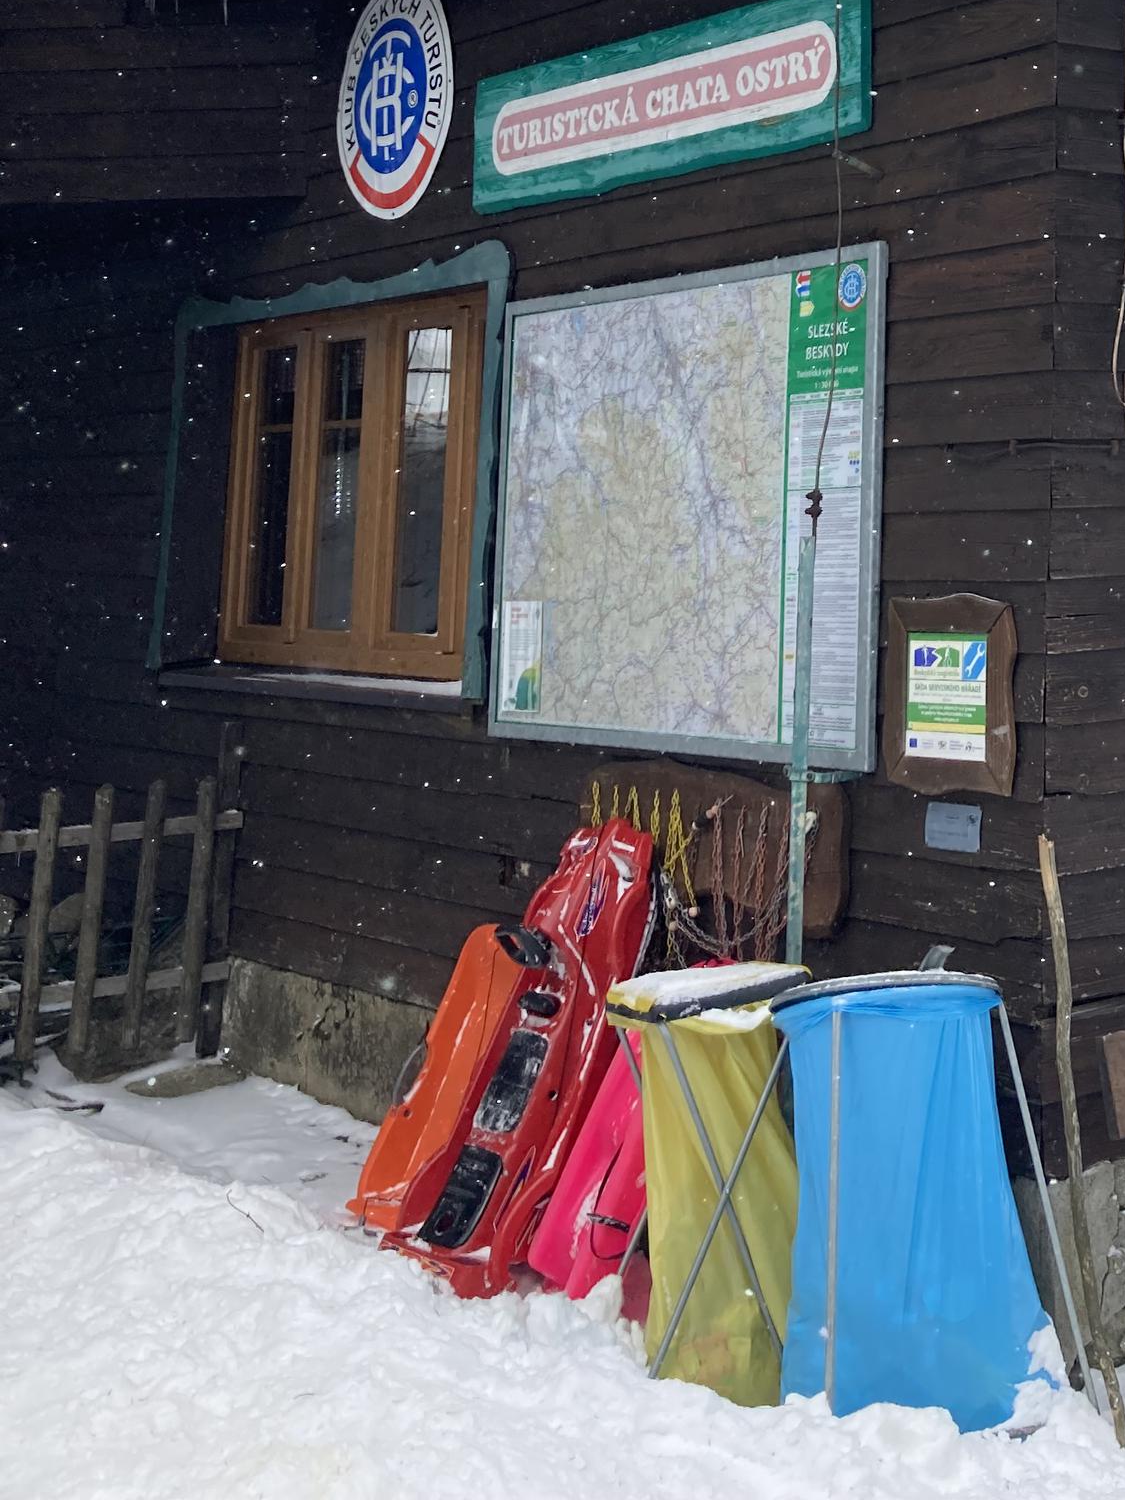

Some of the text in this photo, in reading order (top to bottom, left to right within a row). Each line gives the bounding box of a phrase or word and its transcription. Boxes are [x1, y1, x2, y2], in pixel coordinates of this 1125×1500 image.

[344, 75, 356, 151] KLUB
[418, 10, 444, 130] TURISTŮ
[499, 37, 827, 154] TURISTICKÁ CHATA OSTRÝ
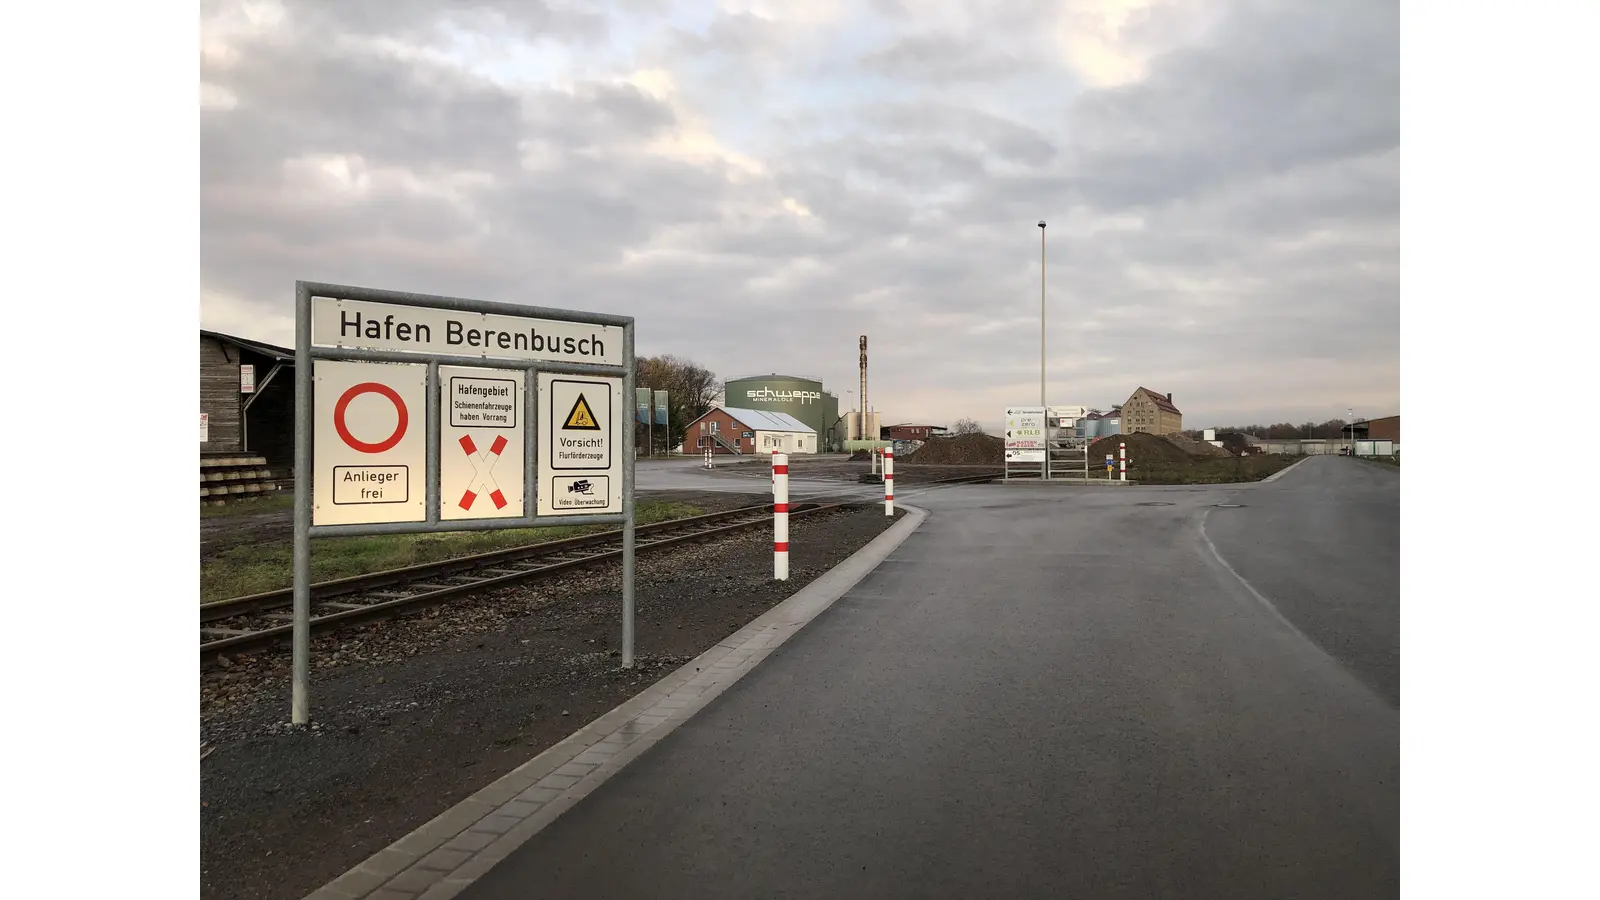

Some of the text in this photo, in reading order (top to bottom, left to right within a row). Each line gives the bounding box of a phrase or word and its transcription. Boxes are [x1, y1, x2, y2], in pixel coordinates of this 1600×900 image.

[340, 311, 605, 356] Hafen Berenbusch
[458, 384, 508, 398] Hafengebiet
[747, 386, 820, 404] schweppe
[454, 400, 512, 412] Schienenfahrzeuge
[459, 412, 507, 423] haben Vorrang
[559, 437, 603, 448] Vorsicht!
[558, 451, 604, 461] Flurförderzeuge
[343, 470, 400, 484] Anlieger
[361, 487, 383, 499] frei
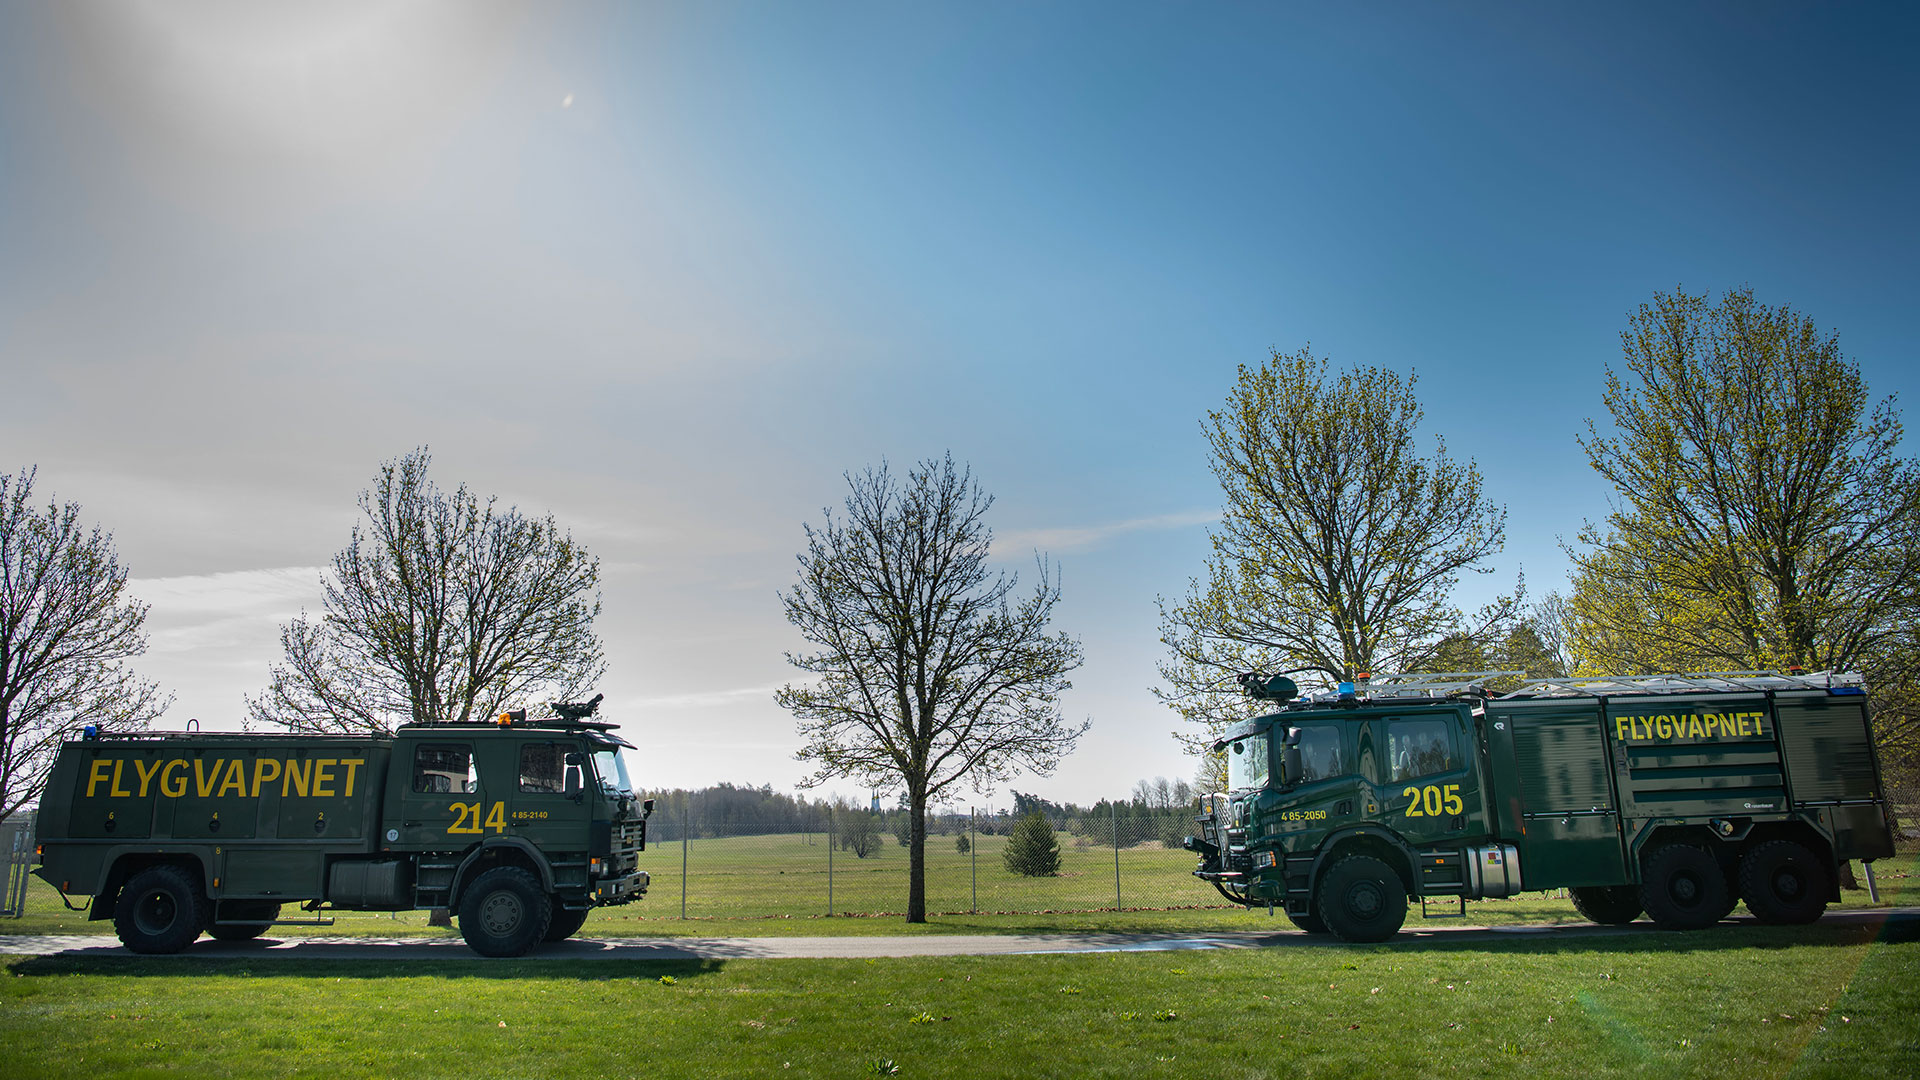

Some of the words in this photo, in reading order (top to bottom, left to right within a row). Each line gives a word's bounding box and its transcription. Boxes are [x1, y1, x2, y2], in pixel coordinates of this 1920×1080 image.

[1616, 712, 1764, 741] FLYGVAPNET
[86, 758, 365, 798] FLYGVAPNET
[1403, 784, 1463, 817] 205
[108, 811, 115, 820] 6
[212, 811, 218, 820] 4
[318, 811, 324, 820] 2
[447, 801, 507, 835] 214
[512, 811, 517, 819] 4
[518, 811, 548, 819] 85-2140
[1281, 812, 1288, 821] 4
[1289, 809, 1327, 821] 85-2050
[215, 846, 221, 855] 8
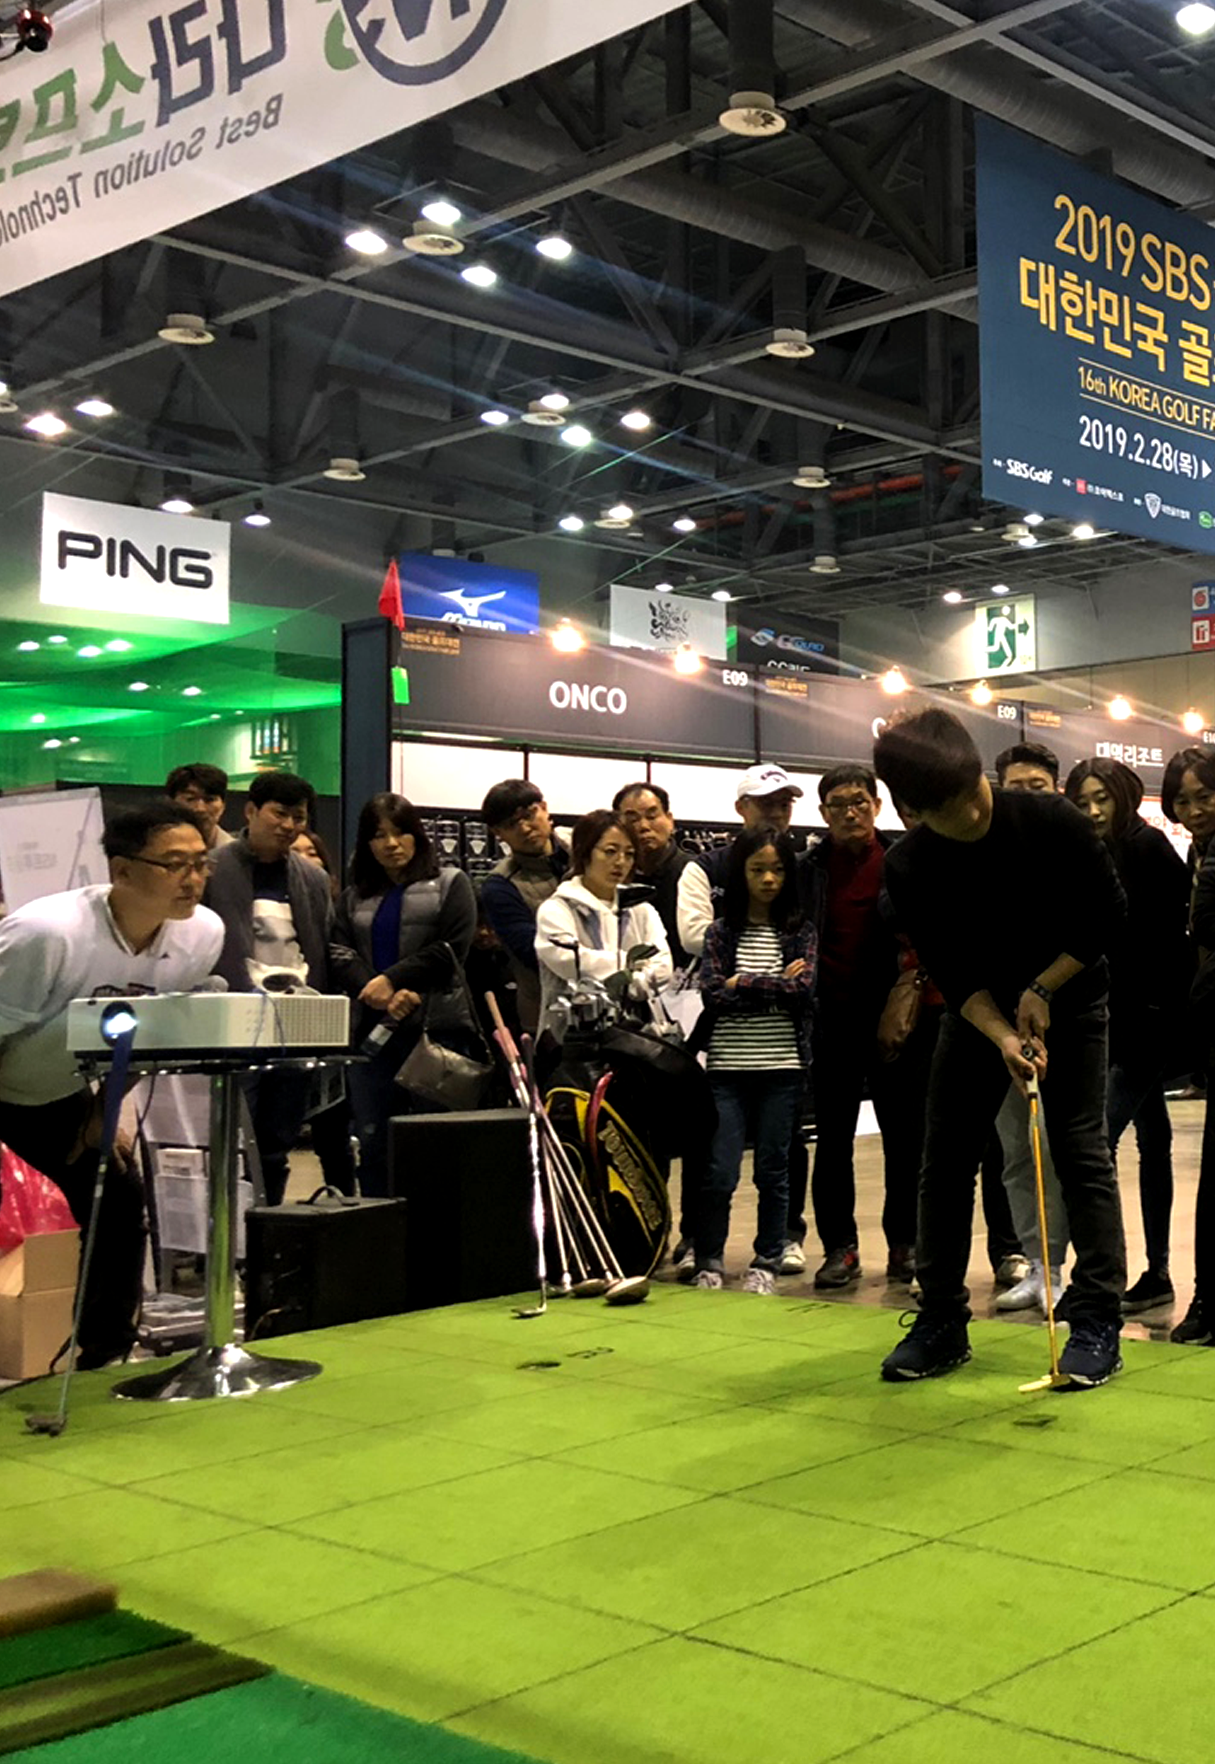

- - - - -

_Work request_
Print the records above word for word, omitting any picture they contain.

_Solution for this task_
Some of the text in this photo, in reading order (top to bottom, left to right within a row). Each line gives the bounding box of a phrase or word and its transcription. Boxes are [x1, y1, x2, y2], in pixel coordinates of this 1125×1500 image.

[344, 75, 356, 151] KLUB
[418, 10, 444, 130] TURISTŮ
[499, 37, 827, 154] TURISTICKÁ CHATA OSTRÝ

Some of the text in this photo, in reading order (top to bottom, left to right within a row). Each line gives the bounding box of a phrase or word and its transcription. Boxes are [x1, y1, x2, y2], in pixel coordinates of this 1600×900 image.

[340, 311, 605, 356] Hafen Berenbusch
[458, 384, 508, 398] Hafengebiet
[747, 386, 820, 404] schweppe
[454, 400, 512, 412] Schienenfahrzeuge
[459, 412, 507, 423] haben Vorrang
[559, 437, 603, 448] Vorsicht!
[558, 451, 604, 461] Flurförderzeuge
[343, 470, 400, 484] Anlieger
[361, 487, 383, 499] frei

Some of the words in this photo, in reading order (top to bottom, left to right within a row). Each line gives a word's bounding box and its transcription. Boxes are [x1, y1, x2, y2], in pixel coordinates of this 1920×1080 image.

[1616, 712, 1764, 741] FLYGVAPNET
[86, 758, 365, 798] FLYGVAPNET
[1403, 784, 1463, 817] 205
[108, 811, 115, 820] 6
[212, 811, 218, 820] 4
[318, 811, 324, 820] 2
[447, 801, 507, 835] 214
[512, 811, 517, 819] 4
[518, 811, 548, 819] 85-2140
[1281, 812, 1288, 821] 4
[1289, 809, 1327, 821] 85-2050
[215, 846, 221, 855] 8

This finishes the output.